◆ **Exercise prompt**
Restate all of the entries exactly, dropping any pictures they hold.

◆ **Information provided**
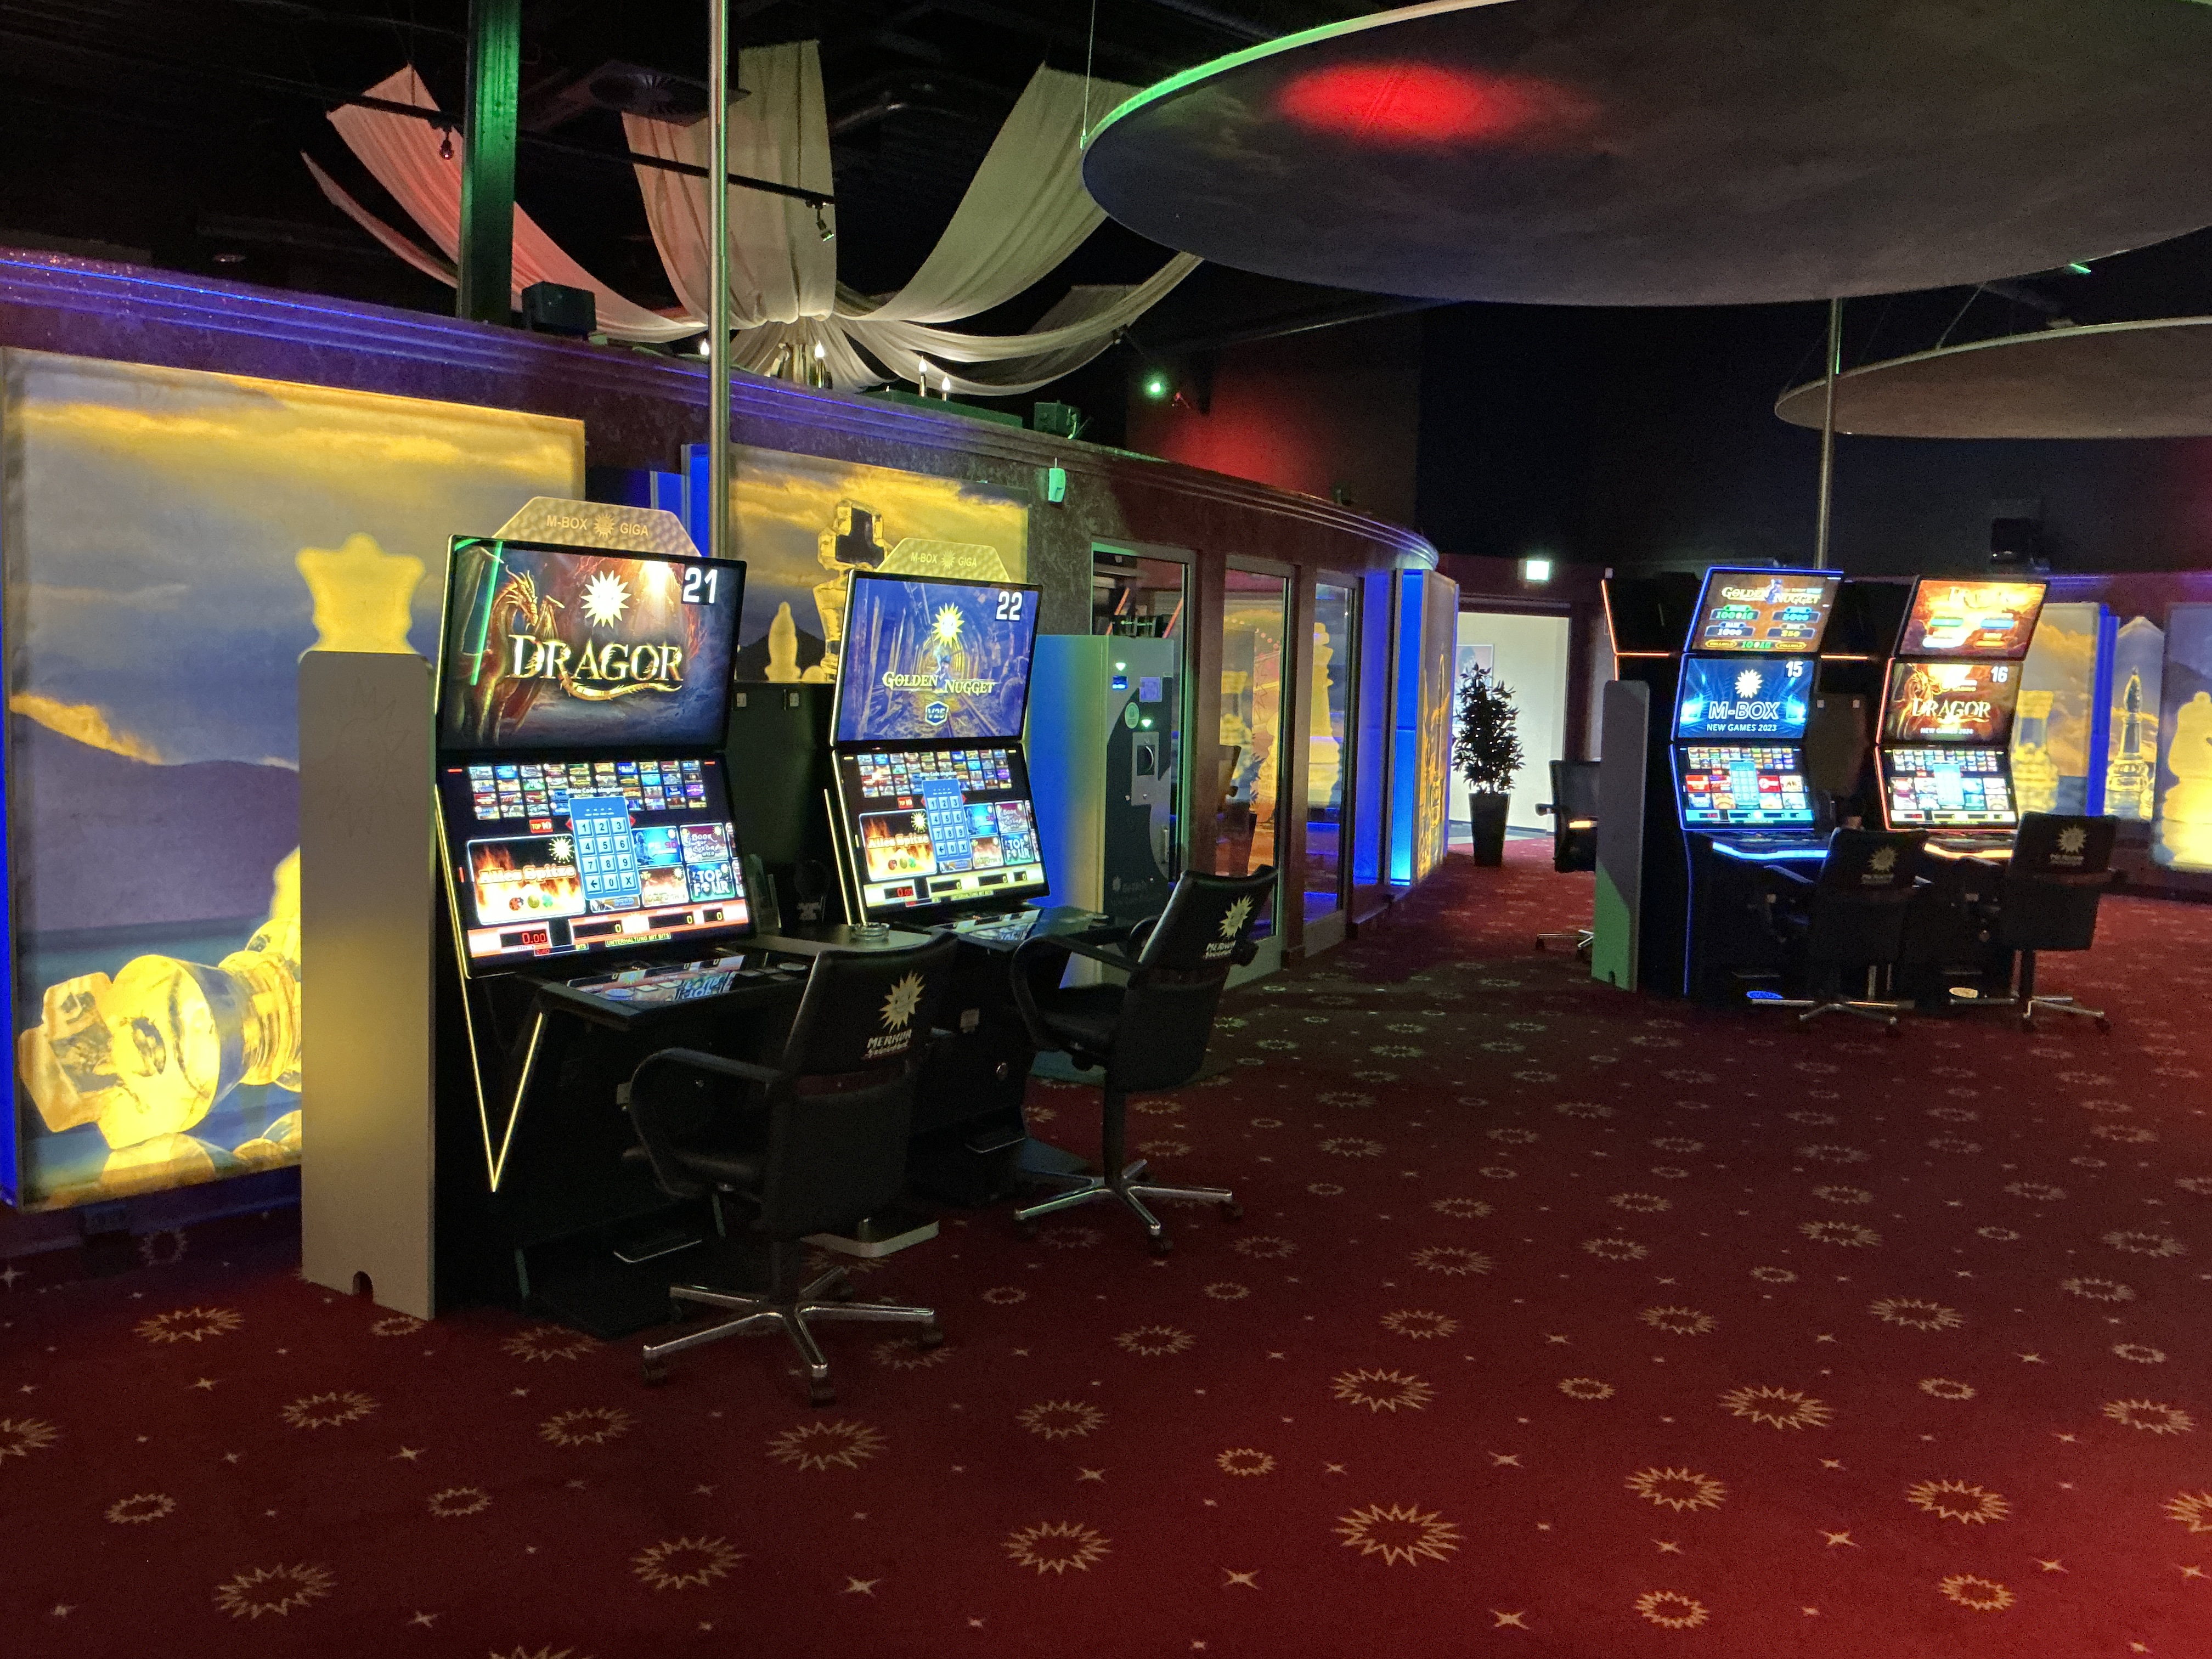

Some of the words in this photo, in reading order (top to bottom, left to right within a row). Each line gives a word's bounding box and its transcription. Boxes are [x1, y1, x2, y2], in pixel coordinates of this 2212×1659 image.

[546, 514, 588, 531] M-BOX
[620, 523, 650, 537] GIGA
[910, 552, 938, 564] M-BOX
[958, 557, 977, 567] GIGA
[682, 567, 718, 603] 21
[1722, 586, 1769, 599] GOLDEN
[996, 591, 1023, 620] 22
[505, 634, 684, 692] DRAGOR
[1785, 661, 1803, 678] 15
[882, 671, 938, 690] GOLDEN
[1990, 666, 2008, 682] 16
[944, 680, 997, 696] NUGGET
[927, 707, 946, 719] V25
[1708, 701, 1781, 720] M-BOX
[1911, 697, 1991, 720] DRAGOR
[868, 835, 895, 849] Alles
[895, 832, 929, 847] Spitze
[623, 859, 628, 867] 9
[479, 868, 522, 884] Alles
[523, 864, 576, 883] Spitze
[609, 878, 614, 887] 0
[625, 877, 632, 885] X
[697, 870, 723, 882] TOP
[694, 881, 730, 896] FOUR
[687, 916, 693, 924] 0
[716, 912, 723, 921] 0
[614, 924, 622, 933] 0
[522, 933, 546, 944] 0.00
[607, 935, 647, 946] UNTERHALTUNG
[867, 1029, 912, 1049] MERKUR

◆ **Answer below**
Some of the words in this photo, in reading order (top to bottom, left to right within a row). Each line gives a word's bounding box and its transcription. Boxes are [x1, y1, x2, y2], in pixel coordinates of this 2212×1659 image.

[546, 514, 588, 531] M-BOX
[620, 523, 650, 537] GIGA
[910, 552, 938, 564] M-BOX
[958, 557, 977, 567] GIGA
[682, 567, 718, 603] 21
[1722, 586, 1769, 599] GOLDEN
[996, 591, 1023, 620] 22
[505, 634, 684, 692] DRAGOR
[1785, 661, 1803, 678] 15
[882, 671, 938, 690] GOLDEN
[1990, 666, 2008, 682] 16
[944, 680, 997, 696] NUGGET
[927, 707, 946, 719] V25
[1708, 701, 1781, 720] M-BOX
[1911, 697, 1991, 720] DRAGOR
[868, 835, 895, 849] Alles
[895, 832, 929, 847] Spitze
[623, 859, 628, 867] 9
[479, 868, 522, 884] Alles
[523, 864, 576, 883] Spitze
[609, 878, 614, 887] 0
[625, 877, 632, 885] X
[697, 870, 723, 882] TOP
[694, 881, 730, 896] FOUR
[687, 916, 693, 924] 0
[716, 912, 723, 921] 0
[614, 924, 622, 933] 0
[522, 933, 546, 944] 0.00
[607, 935, 647, 946] UNTERHALTUNG
[867, 1029, 912, 1049] MERKUR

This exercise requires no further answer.